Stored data
★ ★ ★ ★ ★ ★ ★

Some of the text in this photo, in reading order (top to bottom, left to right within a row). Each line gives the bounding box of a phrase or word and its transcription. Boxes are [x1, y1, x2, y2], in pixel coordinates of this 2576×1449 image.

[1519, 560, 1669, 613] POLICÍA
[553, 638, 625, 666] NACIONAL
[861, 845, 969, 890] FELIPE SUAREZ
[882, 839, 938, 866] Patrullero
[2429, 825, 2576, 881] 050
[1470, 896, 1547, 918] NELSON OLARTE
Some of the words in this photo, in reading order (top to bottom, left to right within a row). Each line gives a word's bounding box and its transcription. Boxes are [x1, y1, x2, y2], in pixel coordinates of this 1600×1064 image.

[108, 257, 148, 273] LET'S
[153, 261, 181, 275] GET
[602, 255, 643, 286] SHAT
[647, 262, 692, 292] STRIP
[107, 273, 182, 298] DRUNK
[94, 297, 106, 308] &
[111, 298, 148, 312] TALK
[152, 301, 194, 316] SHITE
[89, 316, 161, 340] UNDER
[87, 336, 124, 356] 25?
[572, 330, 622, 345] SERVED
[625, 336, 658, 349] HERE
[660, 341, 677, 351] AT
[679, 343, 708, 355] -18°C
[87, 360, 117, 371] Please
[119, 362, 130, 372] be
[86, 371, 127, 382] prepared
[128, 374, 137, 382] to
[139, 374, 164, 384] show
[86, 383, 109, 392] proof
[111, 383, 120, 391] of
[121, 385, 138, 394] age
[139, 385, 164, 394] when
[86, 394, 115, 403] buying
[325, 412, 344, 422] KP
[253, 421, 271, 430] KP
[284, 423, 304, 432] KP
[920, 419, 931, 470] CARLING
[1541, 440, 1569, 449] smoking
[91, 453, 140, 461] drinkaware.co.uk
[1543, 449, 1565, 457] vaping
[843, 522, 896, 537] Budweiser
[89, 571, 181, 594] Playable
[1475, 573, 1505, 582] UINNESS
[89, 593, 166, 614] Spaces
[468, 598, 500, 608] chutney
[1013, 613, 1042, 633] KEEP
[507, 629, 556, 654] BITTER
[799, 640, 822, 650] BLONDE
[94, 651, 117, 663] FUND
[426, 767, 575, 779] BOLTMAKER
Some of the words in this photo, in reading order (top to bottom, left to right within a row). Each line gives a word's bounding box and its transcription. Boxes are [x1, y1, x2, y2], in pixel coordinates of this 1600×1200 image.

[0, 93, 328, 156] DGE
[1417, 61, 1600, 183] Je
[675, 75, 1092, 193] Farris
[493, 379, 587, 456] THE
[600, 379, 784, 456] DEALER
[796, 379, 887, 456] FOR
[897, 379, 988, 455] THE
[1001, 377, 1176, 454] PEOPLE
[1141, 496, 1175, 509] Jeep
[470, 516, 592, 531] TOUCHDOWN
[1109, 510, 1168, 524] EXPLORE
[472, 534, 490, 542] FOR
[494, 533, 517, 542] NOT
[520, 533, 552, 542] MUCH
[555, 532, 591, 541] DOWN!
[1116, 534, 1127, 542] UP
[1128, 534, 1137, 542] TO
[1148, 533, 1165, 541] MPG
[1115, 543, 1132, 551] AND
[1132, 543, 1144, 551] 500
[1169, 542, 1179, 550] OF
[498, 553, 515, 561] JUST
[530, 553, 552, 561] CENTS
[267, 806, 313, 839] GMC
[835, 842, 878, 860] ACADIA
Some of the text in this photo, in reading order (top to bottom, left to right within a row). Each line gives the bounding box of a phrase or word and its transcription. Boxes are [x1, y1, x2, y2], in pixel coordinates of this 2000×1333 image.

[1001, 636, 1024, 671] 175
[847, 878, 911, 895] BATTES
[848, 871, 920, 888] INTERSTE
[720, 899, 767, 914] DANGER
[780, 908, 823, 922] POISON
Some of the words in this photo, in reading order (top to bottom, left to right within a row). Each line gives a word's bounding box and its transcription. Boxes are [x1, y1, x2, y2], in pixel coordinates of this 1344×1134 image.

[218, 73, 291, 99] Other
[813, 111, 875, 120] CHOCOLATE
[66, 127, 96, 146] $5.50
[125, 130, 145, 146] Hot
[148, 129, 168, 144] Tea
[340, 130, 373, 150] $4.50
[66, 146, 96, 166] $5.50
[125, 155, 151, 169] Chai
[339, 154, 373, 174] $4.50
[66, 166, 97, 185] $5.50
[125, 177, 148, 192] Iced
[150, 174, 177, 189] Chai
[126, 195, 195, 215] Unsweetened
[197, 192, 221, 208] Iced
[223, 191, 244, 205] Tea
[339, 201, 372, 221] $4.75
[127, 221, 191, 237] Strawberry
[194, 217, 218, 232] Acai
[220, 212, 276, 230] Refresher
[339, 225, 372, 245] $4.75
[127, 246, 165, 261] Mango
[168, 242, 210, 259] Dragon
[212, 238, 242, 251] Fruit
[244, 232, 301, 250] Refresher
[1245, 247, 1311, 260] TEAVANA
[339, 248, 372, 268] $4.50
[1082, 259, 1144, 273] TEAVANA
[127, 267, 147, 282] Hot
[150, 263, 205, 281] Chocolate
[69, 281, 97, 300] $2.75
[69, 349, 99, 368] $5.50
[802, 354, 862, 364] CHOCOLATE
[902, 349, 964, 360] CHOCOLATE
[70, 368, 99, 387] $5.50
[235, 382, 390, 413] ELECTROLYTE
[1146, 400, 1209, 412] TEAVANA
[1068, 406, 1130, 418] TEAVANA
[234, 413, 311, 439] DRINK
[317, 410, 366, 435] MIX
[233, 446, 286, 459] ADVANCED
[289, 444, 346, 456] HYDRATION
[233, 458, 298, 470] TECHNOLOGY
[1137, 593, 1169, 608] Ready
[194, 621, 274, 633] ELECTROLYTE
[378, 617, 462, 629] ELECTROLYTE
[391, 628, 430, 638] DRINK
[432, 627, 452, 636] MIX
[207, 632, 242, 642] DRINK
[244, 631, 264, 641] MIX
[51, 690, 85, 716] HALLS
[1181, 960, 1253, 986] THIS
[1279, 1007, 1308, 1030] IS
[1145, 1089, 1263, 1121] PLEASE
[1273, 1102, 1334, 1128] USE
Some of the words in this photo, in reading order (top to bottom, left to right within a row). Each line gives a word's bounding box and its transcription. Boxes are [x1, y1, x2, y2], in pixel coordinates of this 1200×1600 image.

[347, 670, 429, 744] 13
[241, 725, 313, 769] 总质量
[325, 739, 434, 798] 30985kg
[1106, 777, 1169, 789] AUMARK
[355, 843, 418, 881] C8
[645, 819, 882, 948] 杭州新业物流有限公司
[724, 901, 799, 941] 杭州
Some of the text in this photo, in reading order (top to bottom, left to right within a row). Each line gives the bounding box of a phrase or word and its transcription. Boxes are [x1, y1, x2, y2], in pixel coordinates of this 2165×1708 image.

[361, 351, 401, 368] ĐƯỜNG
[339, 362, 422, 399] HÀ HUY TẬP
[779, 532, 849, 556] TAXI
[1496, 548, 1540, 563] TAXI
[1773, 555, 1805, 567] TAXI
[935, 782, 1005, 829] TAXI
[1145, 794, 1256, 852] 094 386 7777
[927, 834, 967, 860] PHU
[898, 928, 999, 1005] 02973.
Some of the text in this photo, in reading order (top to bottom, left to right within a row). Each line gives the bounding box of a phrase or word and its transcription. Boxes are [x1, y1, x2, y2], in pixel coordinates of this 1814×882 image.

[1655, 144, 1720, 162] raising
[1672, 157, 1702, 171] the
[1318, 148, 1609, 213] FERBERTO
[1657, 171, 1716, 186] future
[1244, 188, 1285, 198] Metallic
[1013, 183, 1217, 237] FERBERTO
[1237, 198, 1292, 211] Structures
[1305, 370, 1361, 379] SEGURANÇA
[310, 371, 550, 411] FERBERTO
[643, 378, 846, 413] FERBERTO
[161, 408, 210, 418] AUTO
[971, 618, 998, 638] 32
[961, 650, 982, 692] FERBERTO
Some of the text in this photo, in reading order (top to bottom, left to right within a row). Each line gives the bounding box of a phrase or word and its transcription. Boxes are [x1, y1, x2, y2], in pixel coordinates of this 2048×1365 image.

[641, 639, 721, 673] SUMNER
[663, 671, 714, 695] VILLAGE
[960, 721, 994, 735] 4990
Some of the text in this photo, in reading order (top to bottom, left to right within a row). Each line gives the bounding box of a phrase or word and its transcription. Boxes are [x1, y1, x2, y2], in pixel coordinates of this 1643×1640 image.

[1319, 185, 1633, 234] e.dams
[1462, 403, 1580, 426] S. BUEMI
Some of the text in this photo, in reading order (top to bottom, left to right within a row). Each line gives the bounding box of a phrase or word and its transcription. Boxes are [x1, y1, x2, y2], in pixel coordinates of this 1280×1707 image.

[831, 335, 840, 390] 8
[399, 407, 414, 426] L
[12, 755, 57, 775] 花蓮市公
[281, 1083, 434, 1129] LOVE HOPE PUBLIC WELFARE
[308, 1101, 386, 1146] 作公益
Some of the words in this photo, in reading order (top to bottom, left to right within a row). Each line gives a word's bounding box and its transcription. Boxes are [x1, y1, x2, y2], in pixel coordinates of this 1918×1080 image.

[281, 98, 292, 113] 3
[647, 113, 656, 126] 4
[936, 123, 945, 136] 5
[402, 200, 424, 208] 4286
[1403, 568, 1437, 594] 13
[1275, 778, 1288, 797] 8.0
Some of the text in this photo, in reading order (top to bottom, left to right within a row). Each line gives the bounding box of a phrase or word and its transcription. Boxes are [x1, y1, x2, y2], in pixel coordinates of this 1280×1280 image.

★ ★ ★ ★ ★ ★ ★

Copy exactly the line that contains "this 1643×1640 image." and every line after it, up to and including the last line of the records.

Some of the text in this photo, in reading order (top to bottom, left to right within a row). Each line gives the bounding box of a phrase or word and its transcription. Boxes are [x1, y1, x2, y2], in pixel coordinates of this 1643×1640 image.

[1319, 185, 1633, 234] e.dams
[1462, 403, 1580, 426] S. BUEMI
Some of the text in this photo, in reading order (top to bottom, left to right within a row). Each line gives the bounding box of a phrase or word and its transcription. Boxes are [x1, y1, x2, y2], in pixel coordinates of this 1280×1707 image.

[831, 335, 840, 390] 8
[399, 407, 414, 426] L
[12, 755, 57, 775] 花蓮市公
[281, 1083, 434, 1129] LOVE HOPE PUBLIC WELFARE
[308, 1101, 386, 1146] 作公益
Some of the words in this photo, in reading order (top to bottom, left to right within a row). Each line gives a word's bounding box and its transcription. Boxes are [x1, y1, x2, y2], in pixel coordinates of this 1918×1080 image.

[281, 98, 292, 113] 3
[647, 113, 656, 126] 4
[936, 123, 945, 136] 5
[402, 200, 424, 208] 4286
[1403, 568, 1437, 594] 13
[1275, 778, 1288, 797] 8.0
Some of the text in this photo, in reading order (top to bottom, left to right within a row). Each line gives the bounding box of a phrase or word and its transcription. Boxes are [x1, y1, x2, y2], in pixel coordinates of this 1280×1280 image.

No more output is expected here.